> _YOUR GOAL_
With nothing added and nothing dropped, write out all of the entries below.

> _PROVIDED MATERIAL_
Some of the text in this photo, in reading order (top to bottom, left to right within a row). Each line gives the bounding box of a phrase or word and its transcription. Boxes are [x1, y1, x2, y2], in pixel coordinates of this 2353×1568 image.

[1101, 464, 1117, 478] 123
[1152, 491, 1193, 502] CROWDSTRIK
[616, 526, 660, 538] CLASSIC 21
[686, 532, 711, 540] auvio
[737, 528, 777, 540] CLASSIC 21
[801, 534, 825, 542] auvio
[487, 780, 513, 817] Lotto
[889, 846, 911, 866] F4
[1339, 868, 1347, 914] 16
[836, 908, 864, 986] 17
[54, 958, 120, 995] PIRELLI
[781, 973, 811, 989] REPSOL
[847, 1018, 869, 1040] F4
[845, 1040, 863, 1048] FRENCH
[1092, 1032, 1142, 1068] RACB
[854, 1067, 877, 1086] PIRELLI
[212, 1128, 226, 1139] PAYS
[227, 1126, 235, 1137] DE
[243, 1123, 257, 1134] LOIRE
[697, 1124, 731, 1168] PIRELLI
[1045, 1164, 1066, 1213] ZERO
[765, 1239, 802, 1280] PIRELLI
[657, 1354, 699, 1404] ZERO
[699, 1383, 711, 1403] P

> _YOUR SOLUTION_
Some of the text in this photo, in reading order (top to bottom, left to right within a row). Each line gives the bounding box of a phrase or word and its transcription. Boxes are [x1, y1, x2, y2], in pixel coordinates of this 2353×1568 image.

[1101, 464, 1117, 478] 123
[1152, 491, 1193, 502] CROWDSTRIK
[616, 526, 660, 538] CLASSIC 21
[686, 532, 711, 540] auvio
[737, 528, 777, 540] CLASSIC 21
[801, 534, 825, 542] auvio
[487, 780, 513, 817] Lotto
[889, 846, 911, 866] F4
[1339, 868, 1347, 914] 16
[836, 908, 864, 986] 17
[54, 958, 120, 995] PIRELLI
[781, 973, 811, 989] REPSOL
[847, 1018, 869, 1040] F4
[845, 1040, 863, 1048] FRENCH
[1092, 1032, 1142, 1068] RACB
[854, 1067, 877, 1086] PIRELLI
[212, 1128, 226, 1139] PAYS
[227, 1126, 235, 1137] DE
[243, 1123, 257, 1134] LOIRE
[697, 1124, 731, 1168] PIRELLI
[1045, 1164, 1066, 1213] ZERO
[765, 1239, 802, 1280] PIRELLI
[657, 1354, 699, 1404] ZERO
[699, 1383, 711, 1403] P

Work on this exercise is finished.